What is expected: Omitting all pictures, retype the entries below exactly as given.

---------- Working data

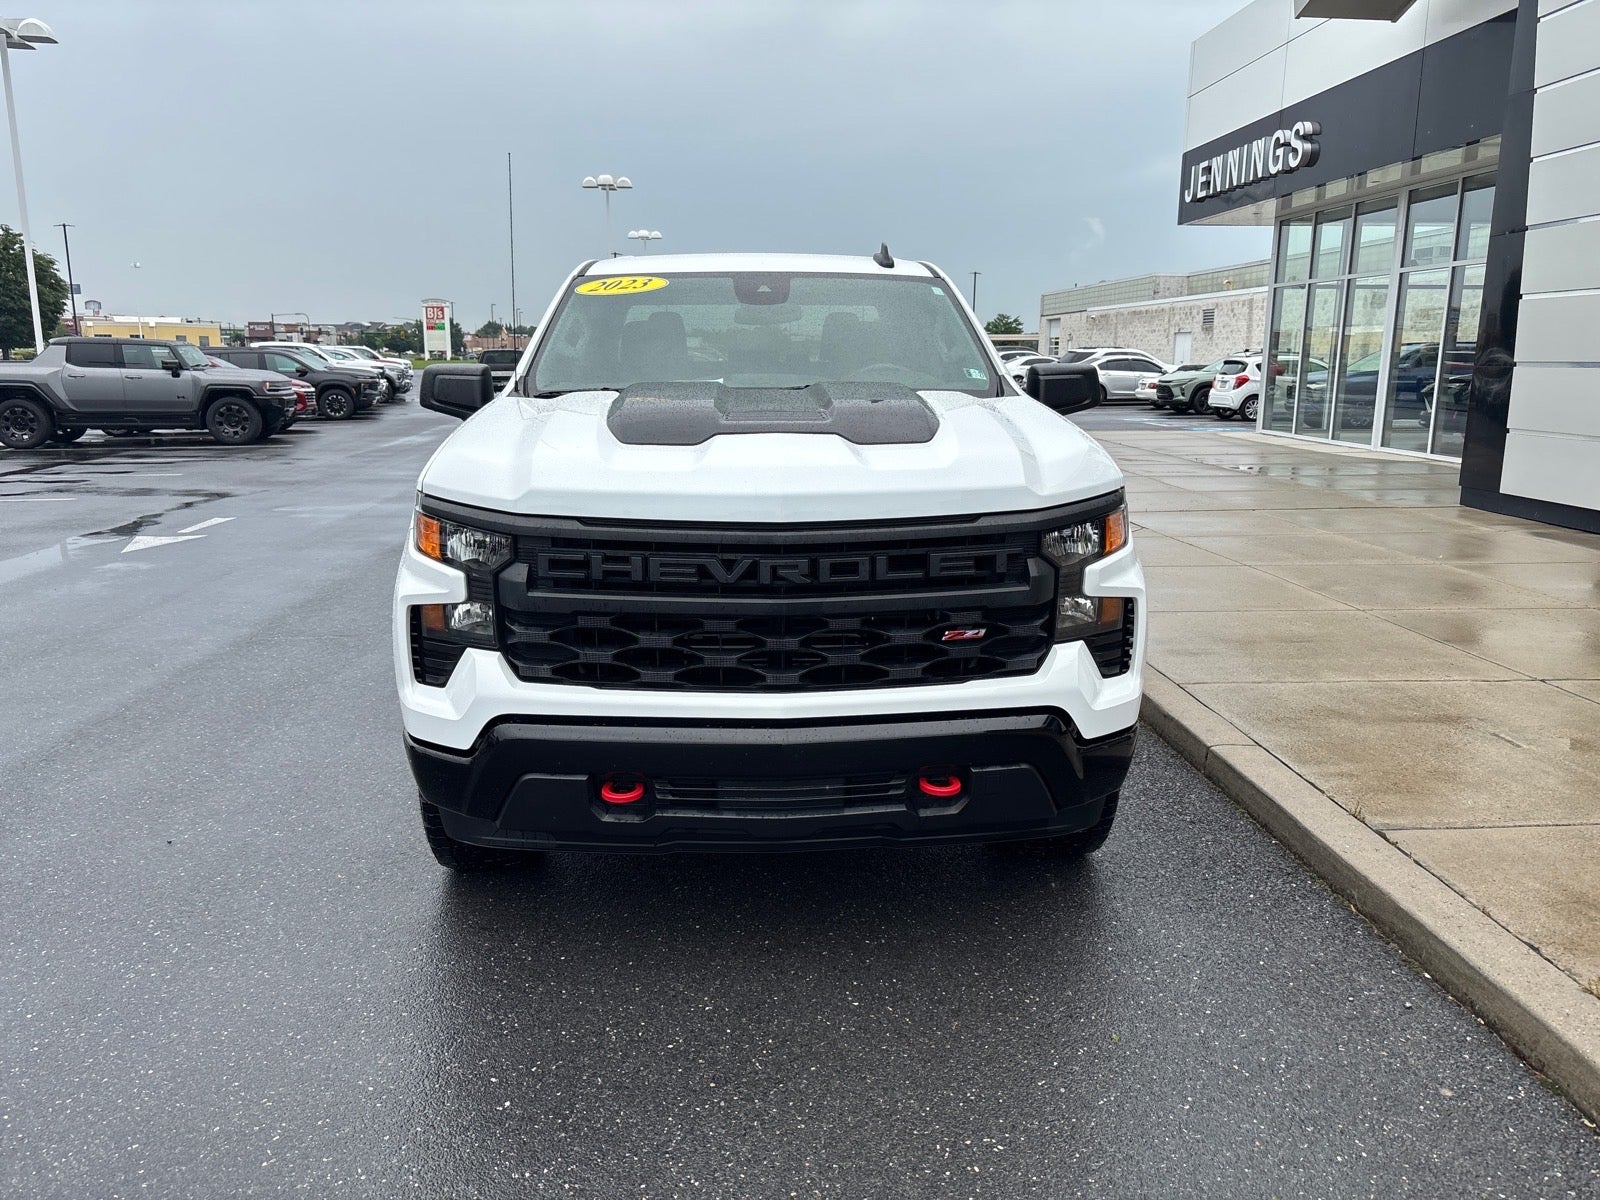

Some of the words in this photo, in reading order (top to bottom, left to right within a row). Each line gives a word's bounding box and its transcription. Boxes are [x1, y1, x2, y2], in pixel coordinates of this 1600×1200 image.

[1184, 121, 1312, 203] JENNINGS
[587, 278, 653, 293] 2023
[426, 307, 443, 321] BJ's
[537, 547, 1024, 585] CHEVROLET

--------------------

Response area:
Some of the words in this photo, in reading order (top to bottom, left to right within a row). Each line gives a word's bounding box and its transcription. Boxes are [x1, y1, x2, y2], in pixel coordinates of this 1600×1200 image.

[1184, 121, 1312, 203] JENNINGS
[587, 278, 653, 293] 2023
[426, 307, 443, 321] BJ's
[537, 547, 1024, 585] CHEVROLET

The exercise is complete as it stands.